# Directions
Would you retype the listing below word for word, without any of its pictures?

Segment Start: Data records

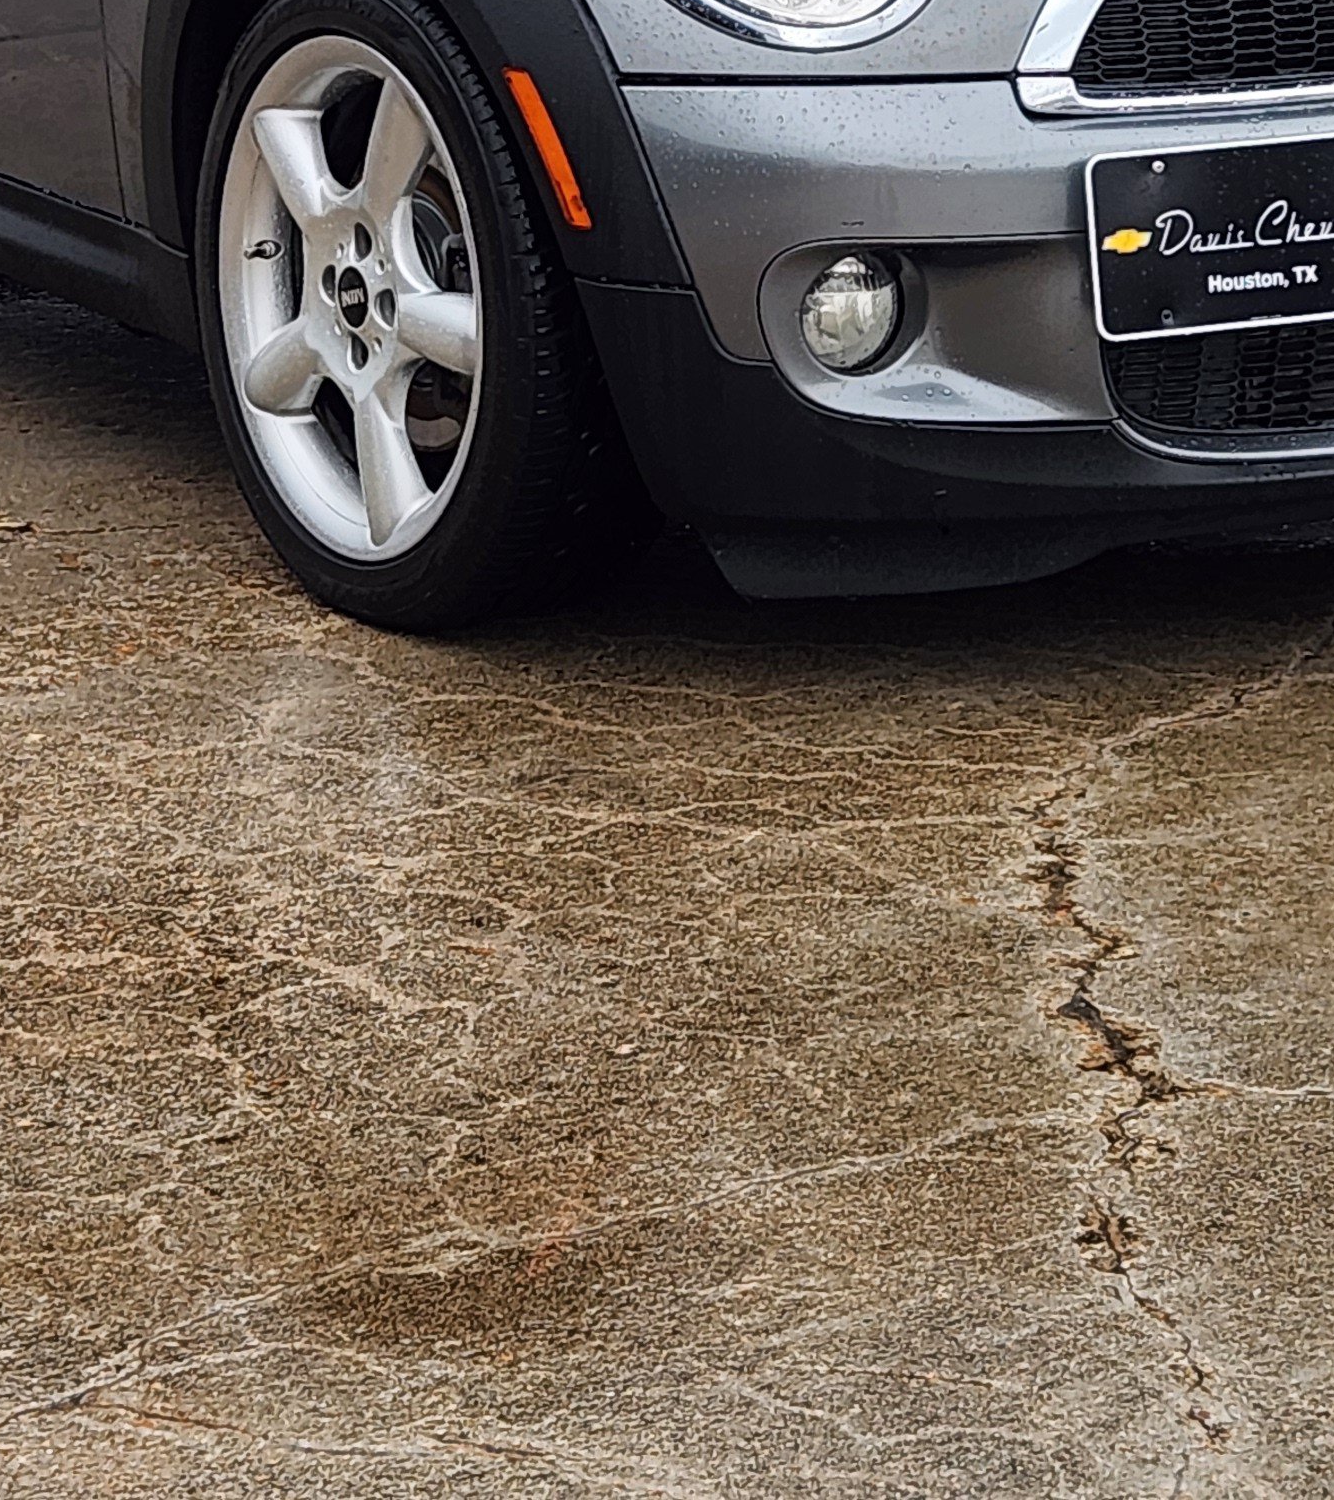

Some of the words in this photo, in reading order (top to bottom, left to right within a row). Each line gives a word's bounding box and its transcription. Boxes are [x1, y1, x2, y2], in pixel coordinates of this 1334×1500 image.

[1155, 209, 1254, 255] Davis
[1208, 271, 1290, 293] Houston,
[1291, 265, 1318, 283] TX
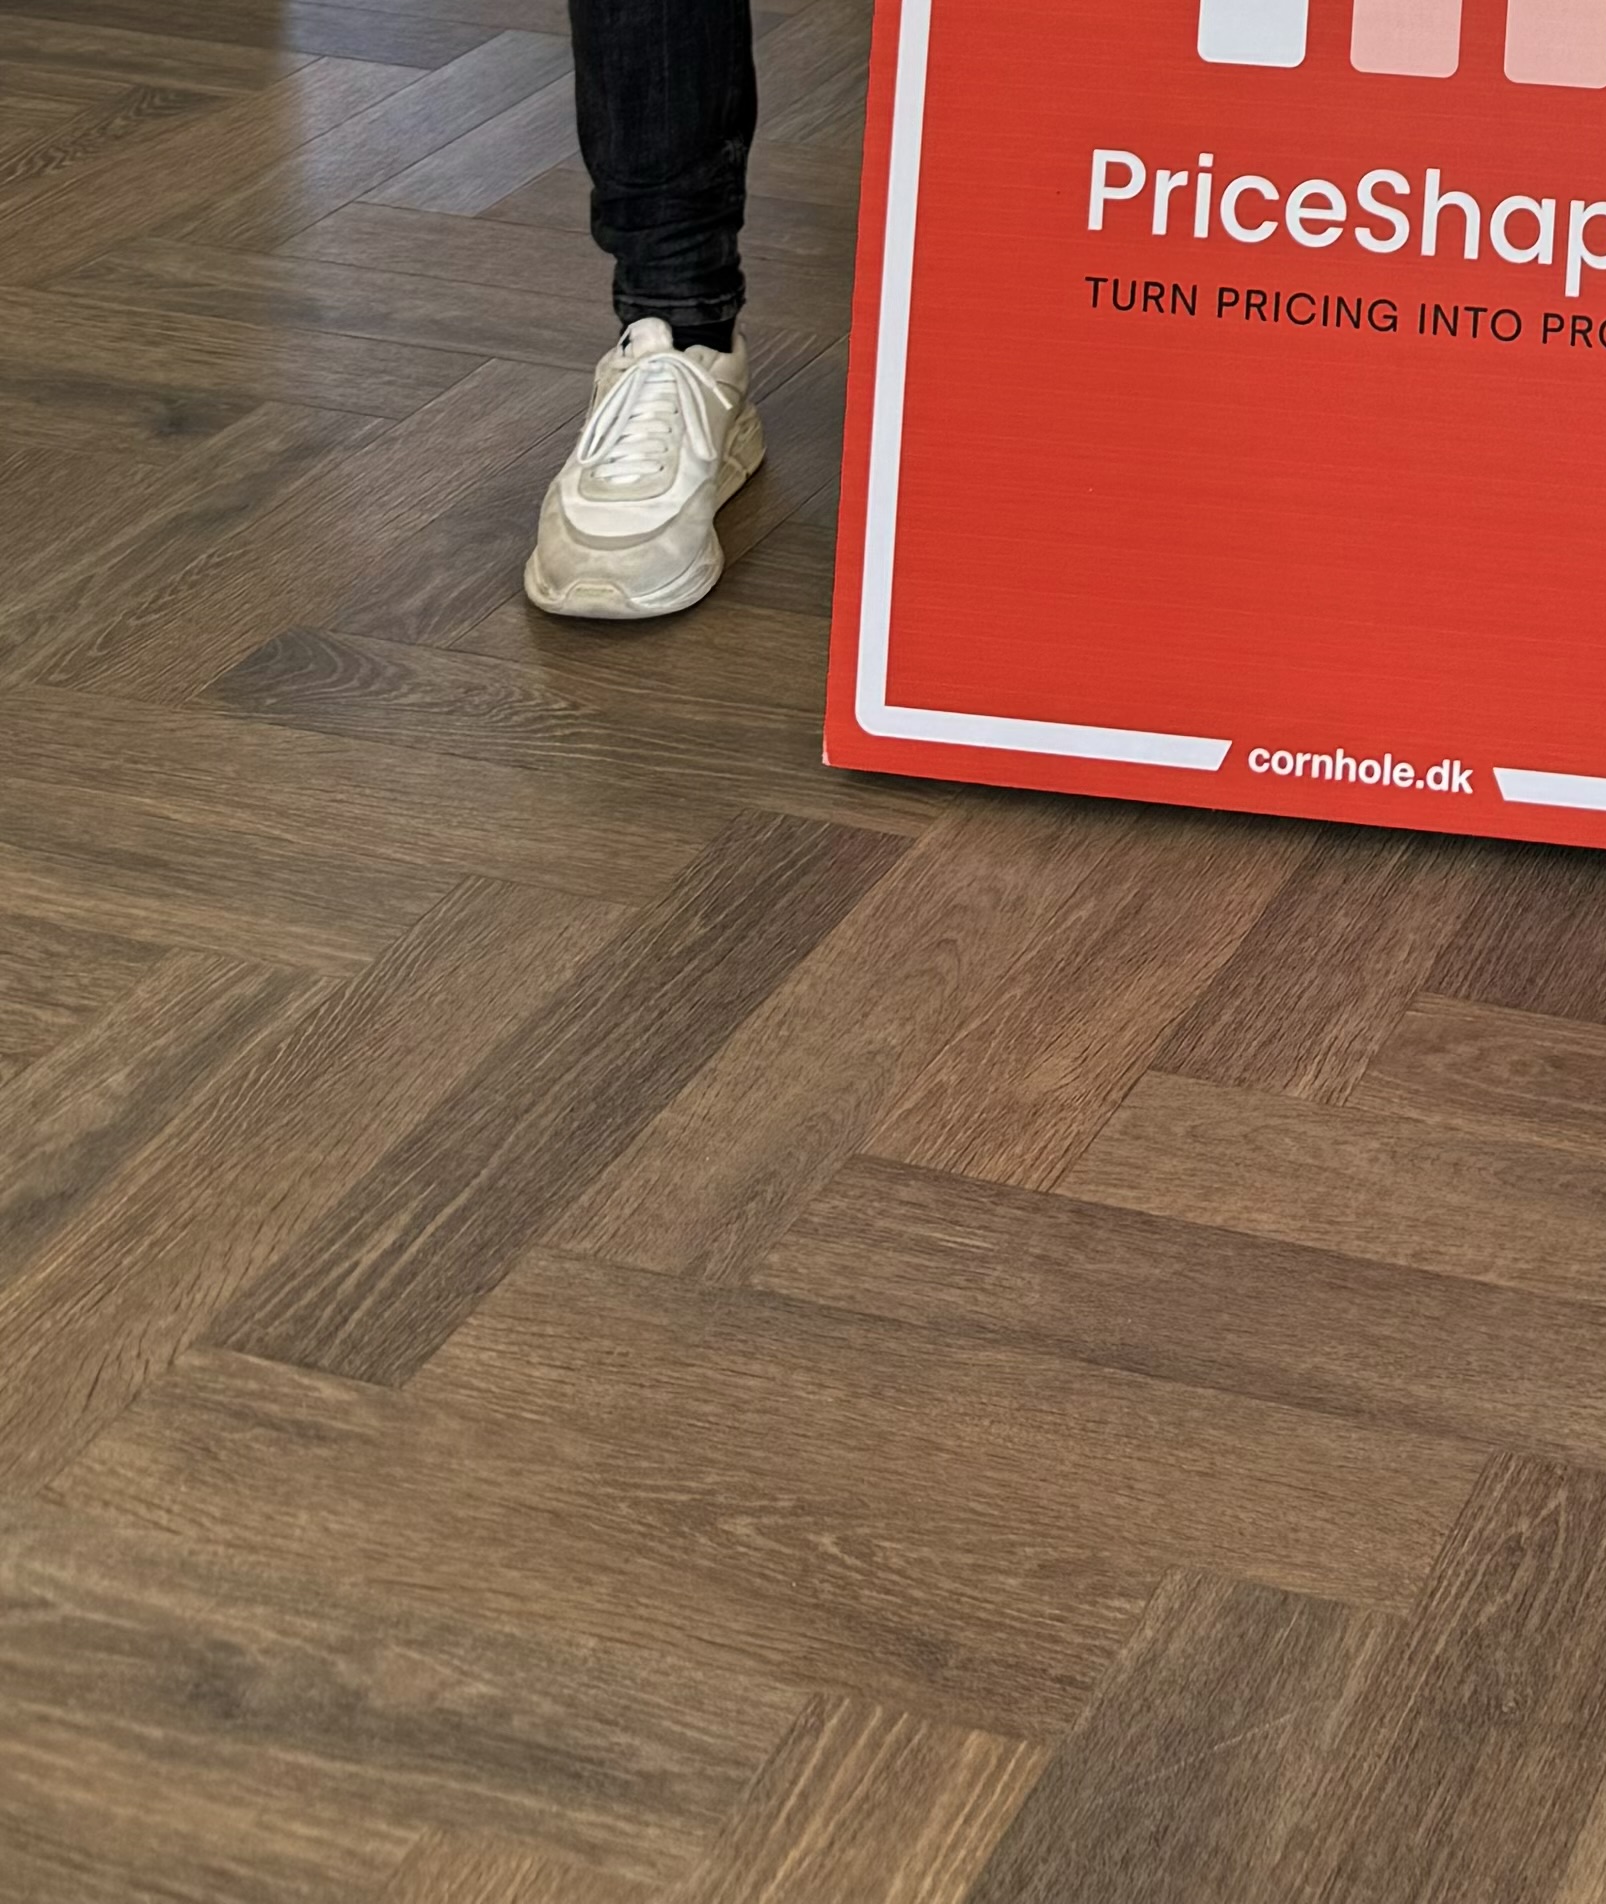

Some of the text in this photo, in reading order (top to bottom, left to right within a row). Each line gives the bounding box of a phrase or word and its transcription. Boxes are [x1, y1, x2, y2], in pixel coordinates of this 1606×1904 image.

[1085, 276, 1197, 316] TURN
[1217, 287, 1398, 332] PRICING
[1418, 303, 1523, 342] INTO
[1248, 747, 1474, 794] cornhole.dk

Segment End: Data records

# Result for this exercise
Some of the words in this photo, in reading order (top to bottom, left to right within a row). Each line gives a word's bounding box and its transcription. Boxes are [x1, y1, x2, y2], in pixel coordinates of this 1334×1500 image.

[1155, 209, 1254, 255] Davis
[1208, 271, 1290, 293] Houston,
[1291, 265, 1318, 283] TX

Some of the text in this photo, in reading order (top to bottom, left to right within a row). Each line gives the bounding box of a phrase or word and its transcription. Boxes are [x1, y1, x2, y2], in pixel coordinates of this 1606×1904 image.

[1085, 276, 1197, 316] TURN
[1217, 287, 1398, 332] PRICING
[1418, 303, 1523, 342] INTO
[1248, 747, 1474, 794] cornhole.dk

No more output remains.